Succinate dehydrogenase-deficient gastrointestinal stromal tumors have altered genome topology.
Major Finding: Succinate dehydrogenase-deficient gastrointestinal stromal tumors have altered genome topology.
Mechanism: Hypermethylation at insulating CTCF binding sites causes aberrant superenhancer–oncogene contact.
Impact: This study identifies a previously unknown driving mechanism and demonstrates its relevance in mice.

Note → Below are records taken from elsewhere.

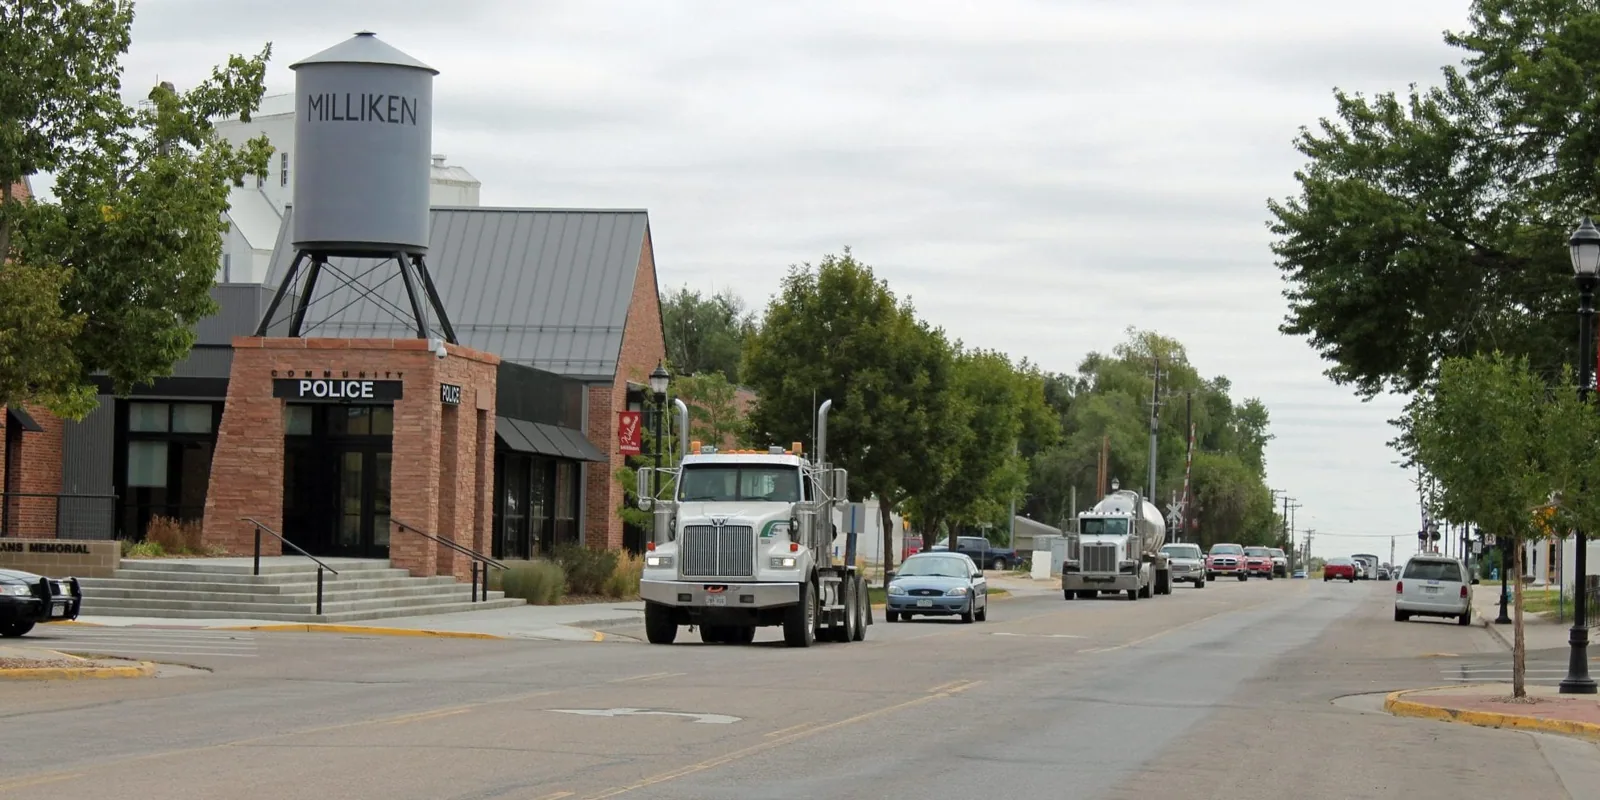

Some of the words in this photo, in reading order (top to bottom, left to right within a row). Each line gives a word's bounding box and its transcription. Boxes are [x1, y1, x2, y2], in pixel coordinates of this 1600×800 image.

[308, 93, 417, 126] MILLIKEN
[271, 369, 404, 379] COMMUNITY
[299, 380, 374, 398] POLICE
[442, 384, 460, 404] POLICE
[29, 543, 91, 554] MEMORIAL

Gastrointestinal stromal tumors (GIST) are usually driven by mutations in either the KIT or PDGFRA receptor tyrosine kinases (RTK), but some instead have loss of succinate dehydrogenase (SDH), which is associated with DNA hypermethylation. Flavahan, Drier, and colleagues found that DNA hypermethylation in SDH-deficient GIST leads to alterations in genome topology that trigger activation of non-mutated proto-oncogenes. Chromatin immunoprecipitation and sequencing experiments revealed that 5% of binding sites for the transcription factor CTCF were lost in SDH-deficient GIST compared with mutant TKI-driven GIST, and these sites had greatly increased DNA methylation. Mapping of topologically associating domain (TAD) boundaries along with enhancer mapping and analysis of gene-expression data showed that among these sites, 60 were CTCF loop anchors that would otherwise have prevented contact between superenhancers and specific genes. Notably, one such missing TAD boundary would normally prevent contact between a superenhancer and the oncogenes FGF3 and FGF4, and FGF3 and FGF4 expression were increased 6-fold and 35-fold, respectively, in SDH-deficient GIST. Similar results were observed with the wild-type KIT proto-oncogene. Further, experiments using a GIST-derived cell line in which the two CTCF binding sites that normally insulate FGF4 from the superenhancer were edited indicated increased contact between the superenhancer and FGF4 as well as increased FGF4 expression in this context. These results imply that the loss of these CTCF binding sites is directly responsible for the topological changes around FGF4 and the associated increase in FGF4 expression seen in SDH-deficient GISTs. In a new patient-derived xenograft mouse model of SDH-deficient GIST, treatment with a KIT inhibitor somewhat suppressed tumor growth, treatment with an FGFR inhibitor substantially reduced tumor growth, and combined treatment resulted in even greater suppression of tumor growth, implying functional significance for the observed epigenetic alterations. Collectively, these findings identify a possible driving mechanism behind SDH-deficient GIST oncogenesis and tumor maintenance and provide a proof of concept for treatment of this subset of GISTs with FGFR and KIT inhibitors.